Segala sesuatu yang kita
miliki, baik itu talenta, uang, bahkan hidup kita, semuanya berasal dari Tuhan.
Tuhan sendiri yang memampukan kita memakai semua itu bagi kemuliaan-Nya.
Ayat-ayat yang kita baca adalah sebuah doksologi atau pujian yang menutup
penjelasan Paulus tentang karya keselamatan yang begitu agung (pasal 1-11).
Masalah pelik dosa telah diselesaikan oleh cara Allah yang tak terpikirkan dan
tak terselami oleh manusia (ayat 33). Satu renungan yang dapat kita nyatakan
adalah bahwa manusia tak dapat menyelamatkan dirinya sendiri. Jika manusia
hidup dan memiliki ini/ itu, semua adalah kasih karunia semata. Menyadari bahwa
segala sesuatu yang kita miliki adalah kasih karunia Tuhan, bagaimanakah
seharusnya kita mempergunakan apa yang telah Dia berikan itu? Talenta, waktu,
kesehatan, uang, tempat tinggal, ... segala sesuatu yang kita miliki adalah
milik Dia. Maka ayat 36 menegaskan hal tersebut kepada kita.

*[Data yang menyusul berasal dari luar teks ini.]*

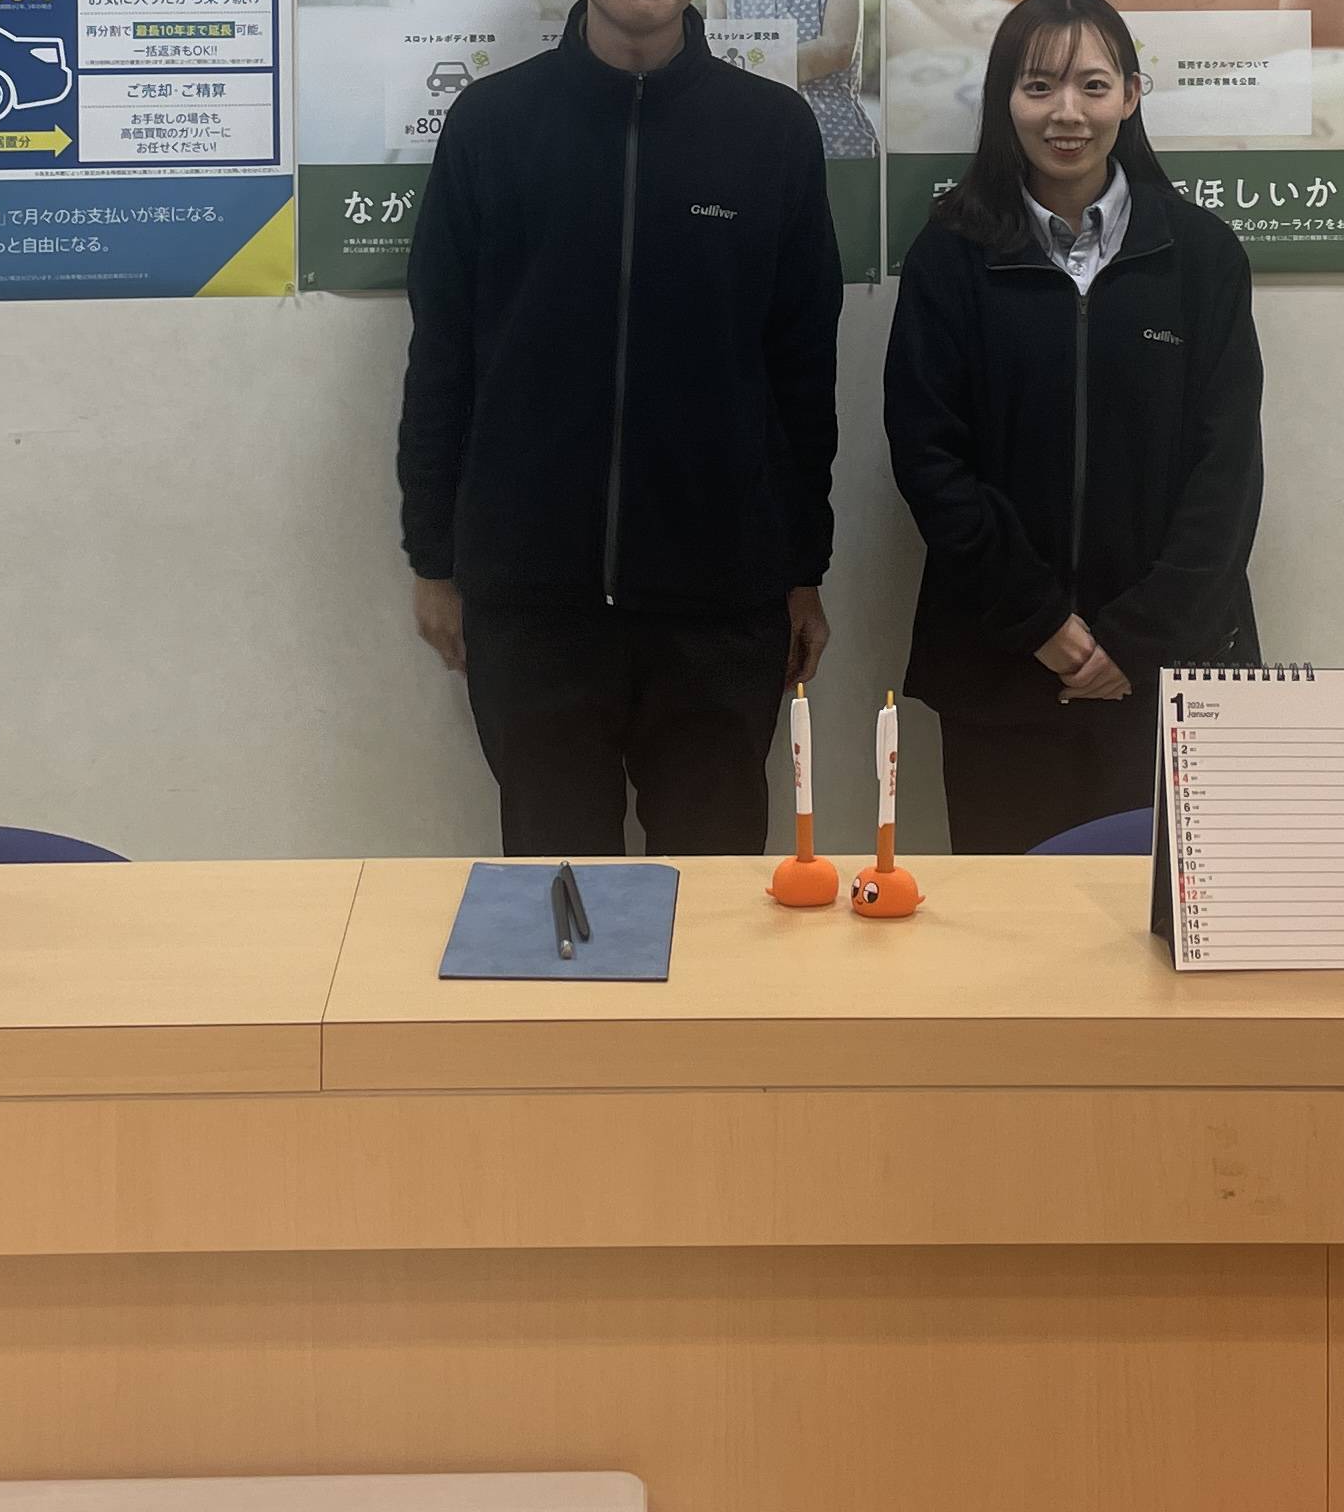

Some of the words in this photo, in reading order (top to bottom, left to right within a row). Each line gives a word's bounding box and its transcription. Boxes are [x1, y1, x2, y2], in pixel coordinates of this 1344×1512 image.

Peralihan yang unik, ketika
Paulus telah selesai berbicara tentang kemuliaan Allah, maka sekarang adalah
saran Paulus, "karena itu saudara-saudara". Sapaan ini menjadi sapaan
yang khas dari Paulus untuk menegaskan bahwa hal ini menjadi sangat penting
sebagai orang yang memang mengenal kasih Allah. Kata-kata pembukaan yang sama
kita temukan pula dalam 1 Korintus 1:10; 2 Korintus 10:1; Efesus 4:1, dll.
Sapaan 'saudara-saudara' biasa dipakai Paulus bila ia mulai membicarakan
perkara yang dianggapnya penting (bandingkan Roma 10:1; 11:25; 15:30).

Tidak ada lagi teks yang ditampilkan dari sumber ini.